Chapter 7: Poor Silly Half-Brained Things
“Jacob’s Island,” Turcov mutters, tugging at the curtains. “The Sabbat are getting back in touch with ancient history - indulging in the Vaulderie in the ruins of their old strongholds. It’s a symbolic gesture to the packs, I assume. Evidence that they seriously intend to reclaim past triumphs. They’ll be cropping up in the Devil’s Acre or Cripplegate before we know it.”
The drawing room is almost empty. The Pell-Mell Queen was the last to leave, snatching Earl Godrick by the hand and dragging the doddering Ventrue out into the night, protesting, to waltz with her upon the pavement.
Eda Sly has not said a word since you announced to the little group the results of your interrogation, but sits, eyes on the carpet, mouth pursed. It’s difficult to tell if she appreciates your discretion. Shaul Artzi is pacing up and down close to the doorway, clearly nervous.
“I rather think Lambeth is more of a concern,” he says, after a moment. “Don’t you, Turcov? The Sabbat have always craved the mysteries of Lambeth - they’ve had their greedy eyes on it since Ashmole passed away, and it’s on the dangerous side of the river, close to their dens. I’ve often suggested to you the possibility of creating a new chantry on the northern banks, perhaps close to St. Paul’s or even-”
“Artzi-”
“I apologise for even raising the subject, I understand that the Tremere must be seen to be given short shrift for the present time, not to be granted any favours, a kind of ritual stockading for the benefit of the rabble, but if we at least began to plan-”
“Artzi, even if it was a serious priority for me, in the midst of chaos and city-wide violence, to indulge your desire to move the seat of your clan in London to a nicer neighbourhood, I could not consider it. The creation of a new chantry is a matter for a Prince. Do you understand? None of us can begin to move forward until we have a Prince, and it’s damned unlikely that we’ll get one while the Sabbat and bloody hunters are running about thumbing their noses at us.”
Artzi looks a little hurt and prods his round spectacles back up against the bridge of his nose.
Eda Sly looks up.
“It will be my responsibility,” she says, with a certain amount of determination, “to investigate this den of the Sabbat. Assuming Somerset’s information is accurate, they have taken a step into my territory.
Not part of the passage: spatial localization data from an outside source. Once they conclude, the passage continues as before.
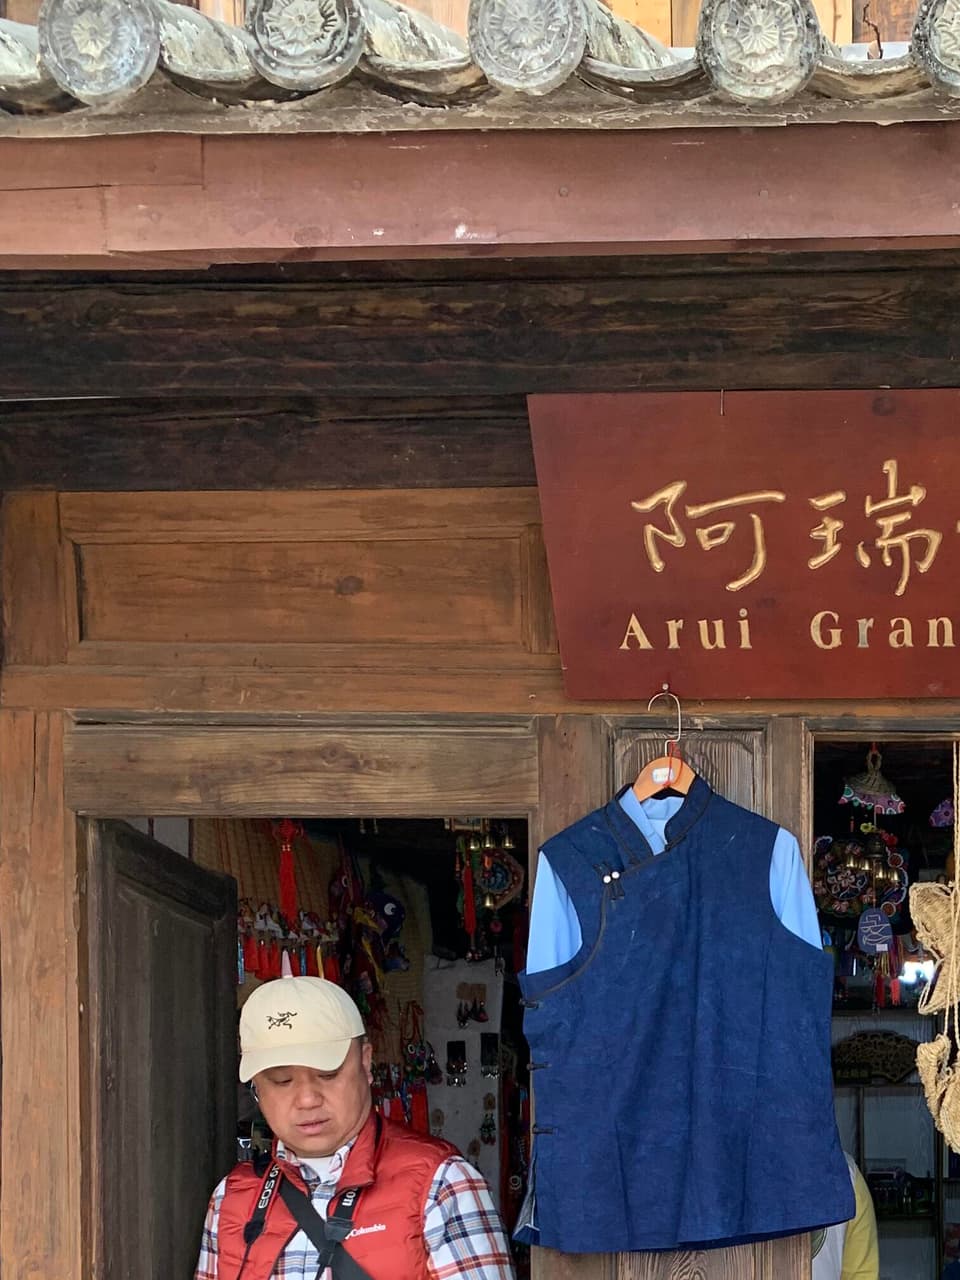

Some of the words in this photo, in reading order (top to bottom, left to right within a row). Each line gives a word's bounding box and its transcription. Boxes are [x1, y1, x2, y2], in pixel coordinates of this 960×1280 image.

[618, 608, 753, 649] Arui
[258, 1180, 274, 1209] EOS
[351, 1224, 386, 1237] Columbia
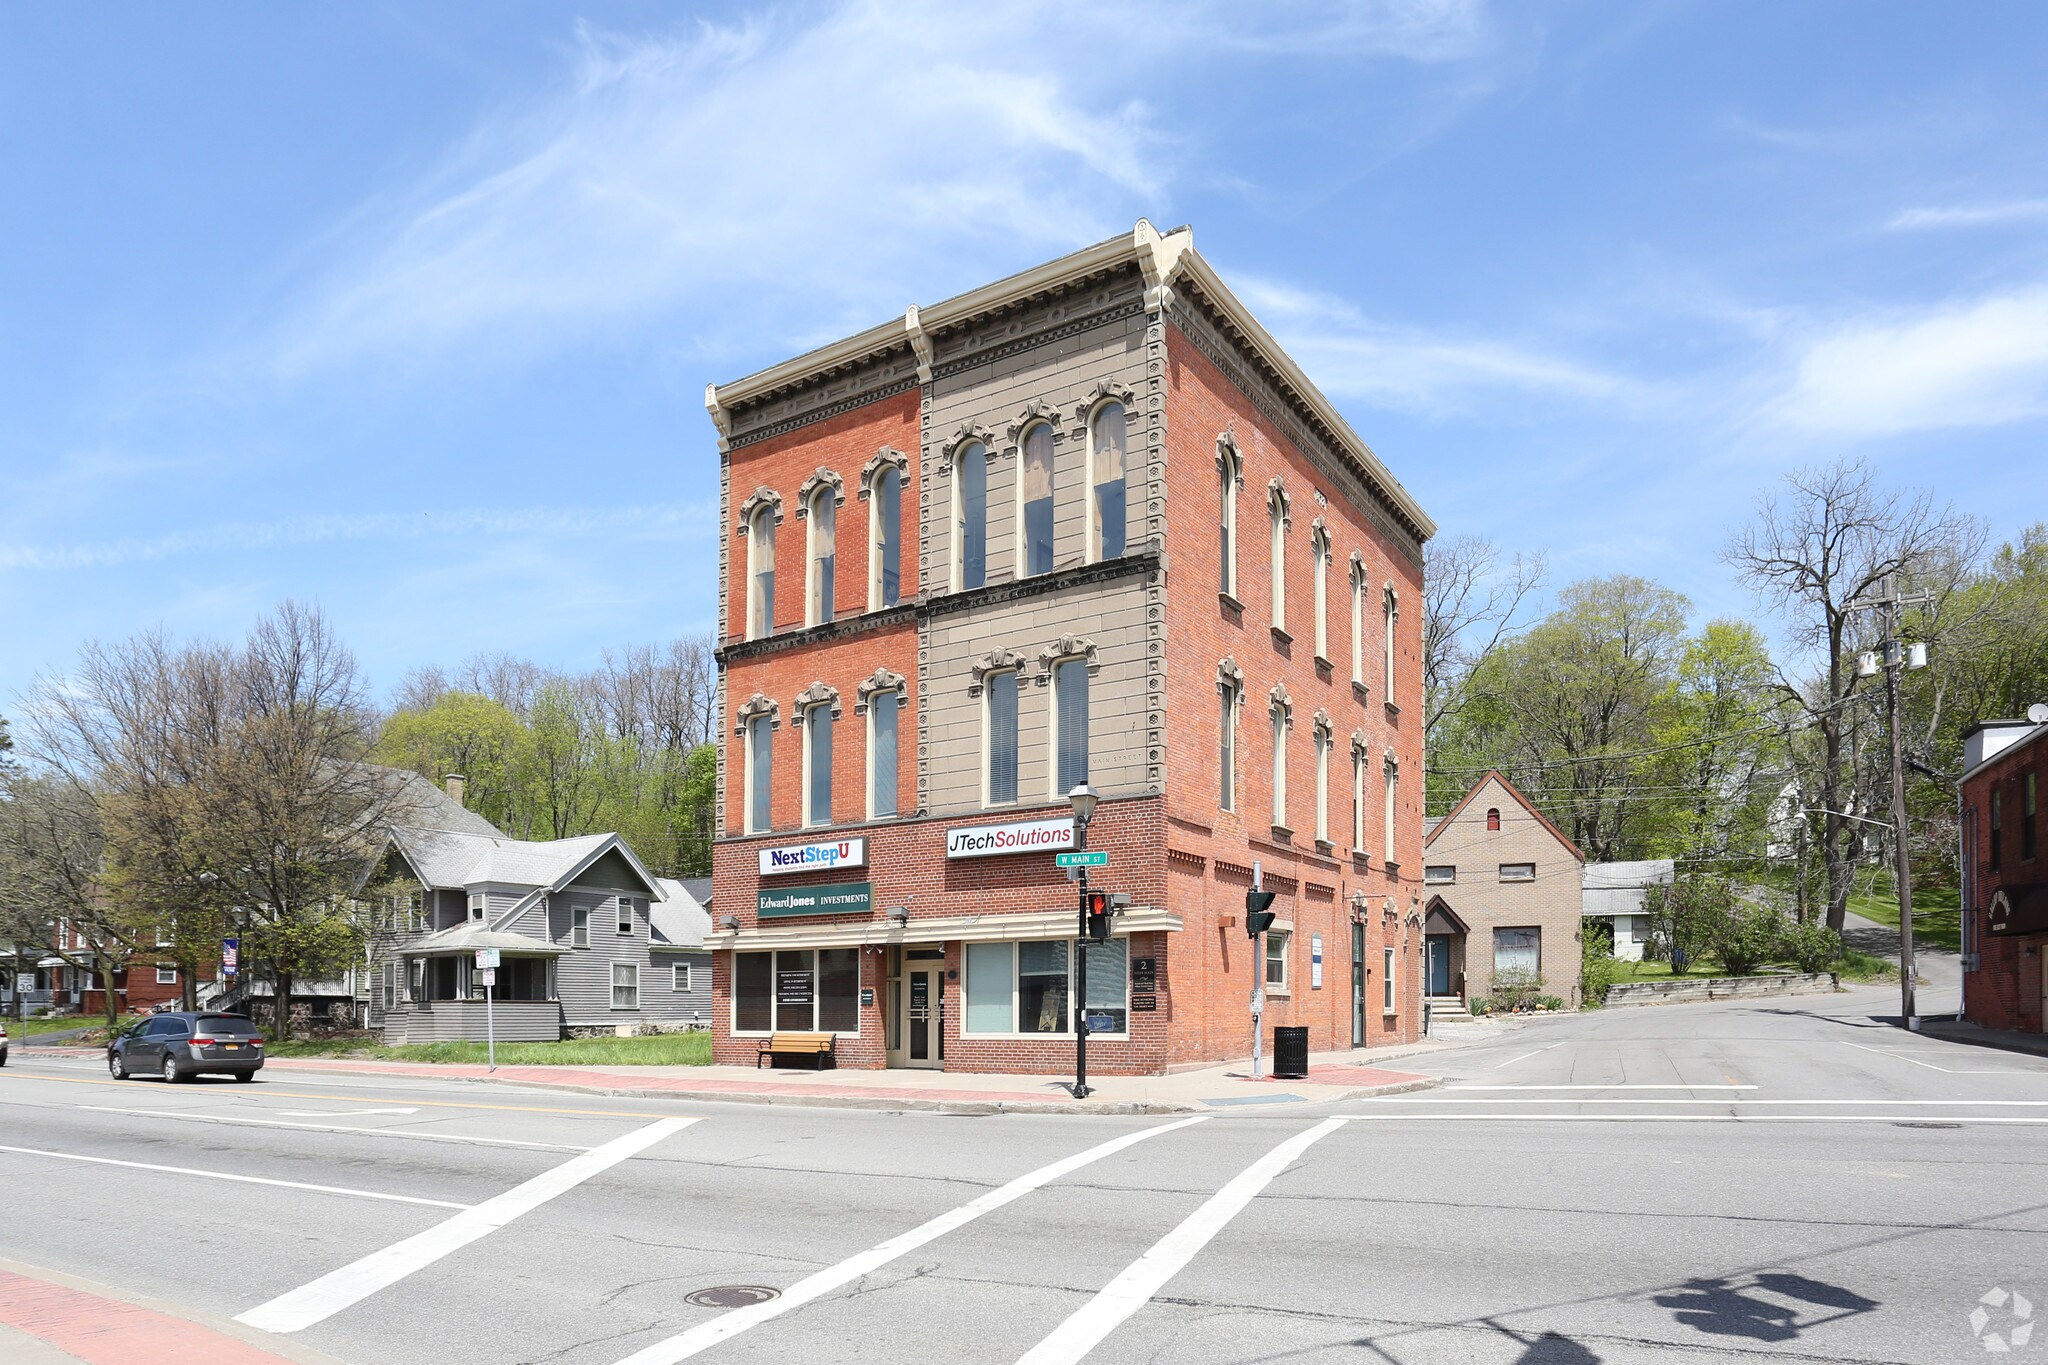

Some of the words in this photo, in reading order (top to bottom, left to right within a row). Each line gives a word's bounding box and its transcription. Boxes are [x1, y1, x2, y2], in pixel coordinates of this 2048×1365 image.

[1113, 753, 1142, 762] STREET
[949, 827, 1071, 852] JTechSolutions
[771, 842, 850, 867] NextStepU
[1061, 856, 1068, 864] W
[1071, 855, 1090, 864] MAIN
[820, 893, 869, 905] INVESTMENTS
[1140, 961, 1147, 970] 2
A step they shall most surely regret.”
Behind her, Turcov makes a face.
“I would advise you, Eda,” he says, “to place watchers to ensure that the building has been cleared out, and perhaps to lay traps to dissuade the Sabbat from returning. It seems highly likely that they will be long gone, and that they will have left some nasty surprises for any Camarilla investigator attempting to track them. If you must send somebody, send a ghoul.”
Her hideously sharp cheekbones pucker as she inhales.
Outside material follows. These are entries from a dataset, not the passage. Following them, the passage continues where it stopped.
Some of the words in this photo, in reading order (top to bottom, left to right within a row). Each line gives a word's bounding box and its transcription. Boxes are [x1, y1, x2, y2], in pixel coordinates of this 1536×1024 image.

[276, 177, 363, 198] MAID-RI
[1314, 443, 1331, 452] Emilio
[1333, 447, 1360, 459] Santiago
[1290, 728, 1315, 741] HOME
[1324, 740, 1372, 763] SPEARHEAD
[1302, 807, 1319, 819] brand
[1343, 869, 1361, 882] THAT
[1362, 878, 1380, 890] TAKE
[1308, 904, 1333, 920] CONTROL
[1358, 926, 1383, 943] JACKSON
“Well, how kind of you, Turcov,” she snaps, without turning to face him, “to advise me on my business in my own native city. How very, very kind of you. I suppose all of you Russians live in fear of the common rabble. After all, they ransacked your palaces and sent you scurrying away, as meek as mice. In my city, however, we are accustomed to being a little more bold."
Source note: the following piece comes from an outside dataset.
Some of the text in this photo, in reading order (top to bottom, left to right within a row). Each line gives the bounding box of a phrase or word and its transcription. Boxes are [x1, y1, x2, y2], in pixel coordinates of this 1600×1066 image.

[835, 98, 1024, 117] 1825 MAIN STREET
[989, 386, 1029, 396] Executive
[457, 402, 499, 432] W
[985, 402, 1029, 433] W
Turcov takes a deep breath. He hisses at her, with a quiet, burning wrath that cuts through the sudden silence,
“What did you just say to me?”
Artzi interjects, unnecessarily loudly, giving you a nervous, pleading look that indicates he'd very much like you to help him stop all hell from breaking loose,
“And what about this Ketch, eh? Why’s his name cropping up again all of a sudden? I thought that wretch had left London for good.”
"I'd heard he was confined to Amen Court," you add, "an act of penance on account of his failures."
“The headsman has never been reliable,” Turcov murmurs. He unclenches his fists and, slowly, draws his gaze away from Eda Sly. “Perhaps their new leader made him an offer that pleased him. Perhaps he has his own plans. Chuzhaya dusha potyomki...”
“Speaking of unreliable,” you venture, “what of the Pell-Mell Queen’s request?”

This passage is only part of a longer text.